# Snowshoe / Snowboarding with Bailey (Vizsla / GSH Mix)



## xnofriendsx (Aug 5, 2011)

Oops, i posted this in the general forum first. Then found the photos and video forum.

I thought you might like this video of my dog Bailey.
Some snowshoeing and snowboarding with her the other day….

http://vimeo.com/63513465

Feel free to share it with any dog owners you know.
Thanks,
Stoker


----------



## mswhipple (Mar 7, 2011)

Fun to watch, xnofriendsx!! Bailey can run like the wind!! ;D

You said in your comments that she had injured her mouth in a mishap. Is she okay now? Hope so!


----------



## xnofriendsx (Aug 5, 2011)

When we first started out she was sort of attacking our boards. She got really close and ended up taking me out. I ended up falling on top of her a bit.
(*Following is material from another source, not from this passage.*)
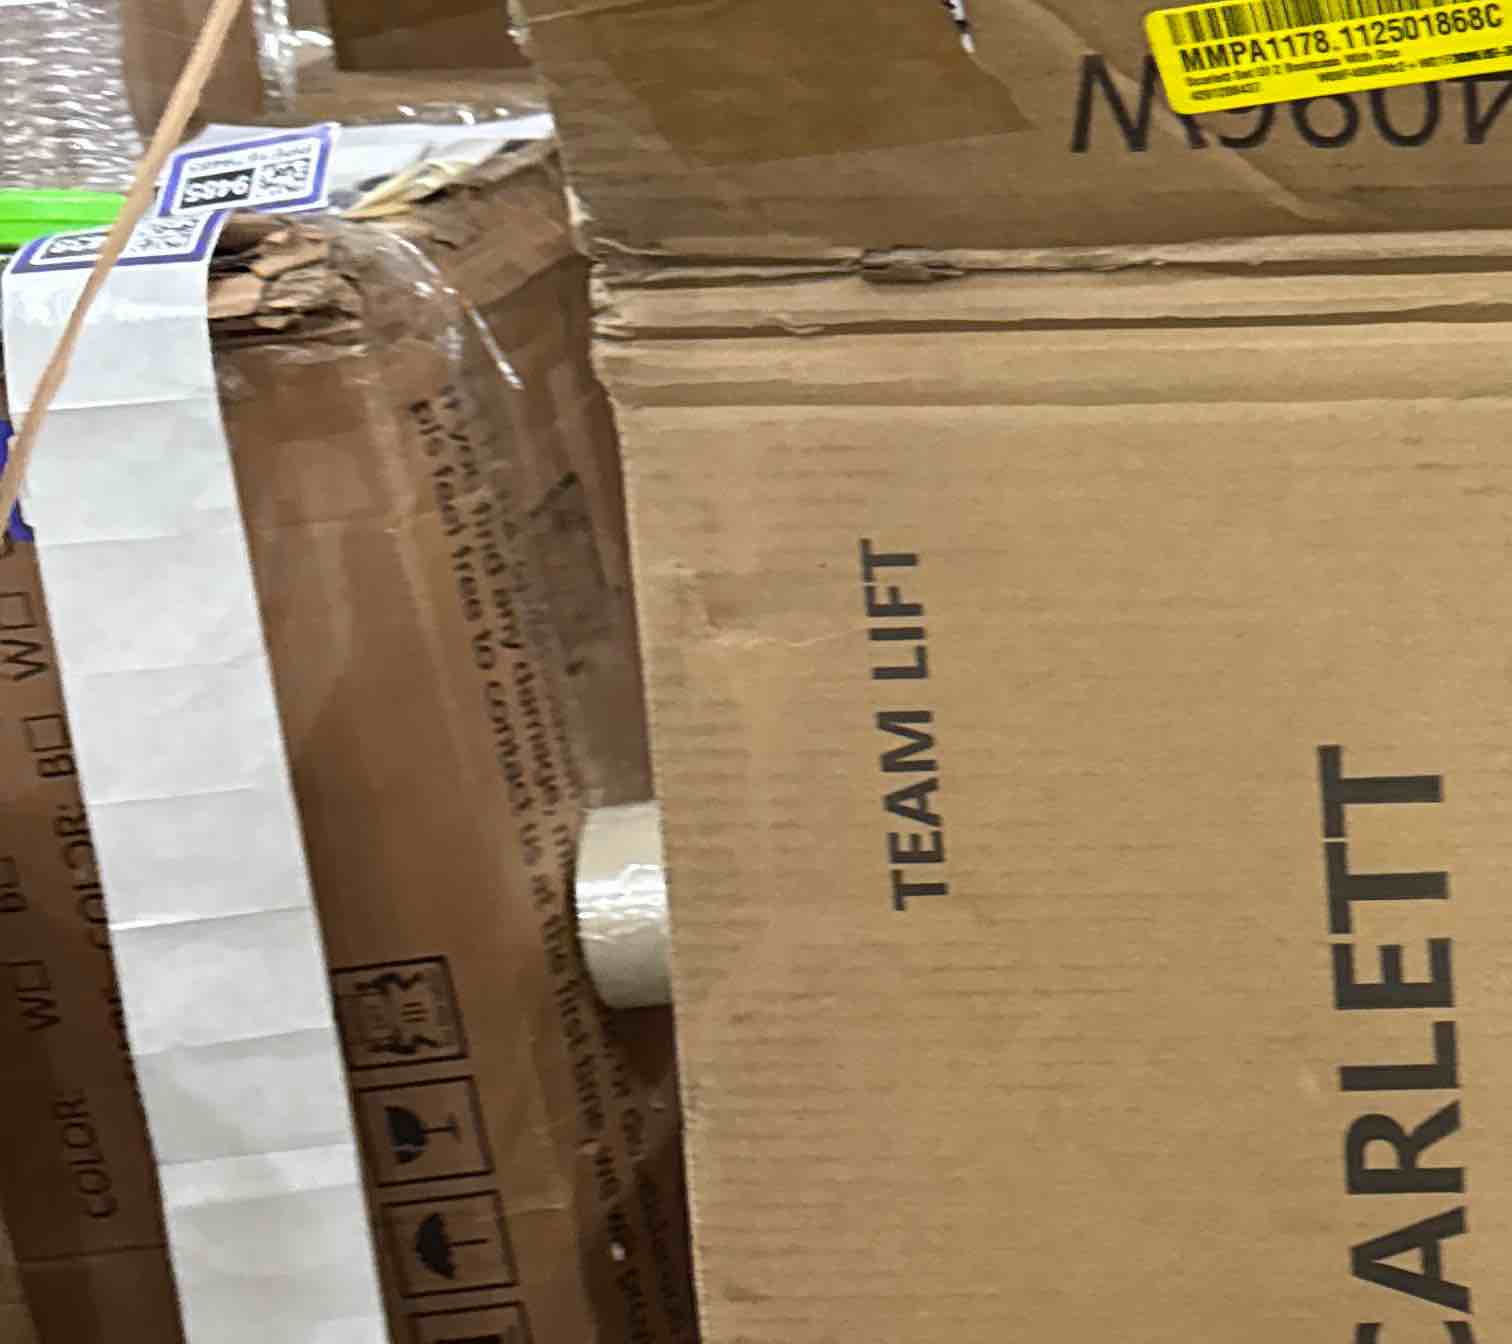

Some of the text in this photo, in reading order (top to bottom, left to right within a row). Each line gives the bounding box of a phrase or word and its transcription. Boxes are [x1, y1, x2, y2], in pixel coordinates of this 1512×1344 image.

[1179, 3, 1504, 74] MMPA1178.112501868C
[858, 536, 950, 912] TEAM LIFT
On video it looks pretty funny. She seemed Ok and was back up and running right away. I was barely even going at all when it happened. When I was throwing the snowballs I noticed her lip bleeding a bit but it stopped soon after and it seemed fine. We'll later that night I opened her mouth and discovered that she cut her gum from the snowboard rail and a tooth punctured through her part of her gum. It is healing up but we are just monitoring it. It wasn't her lip. So we will see. She is a tough dog and rides 20 miles with us on mountain bikes as well. I once heard that Vizslas wear their scars like badges of honor and it is true.


----------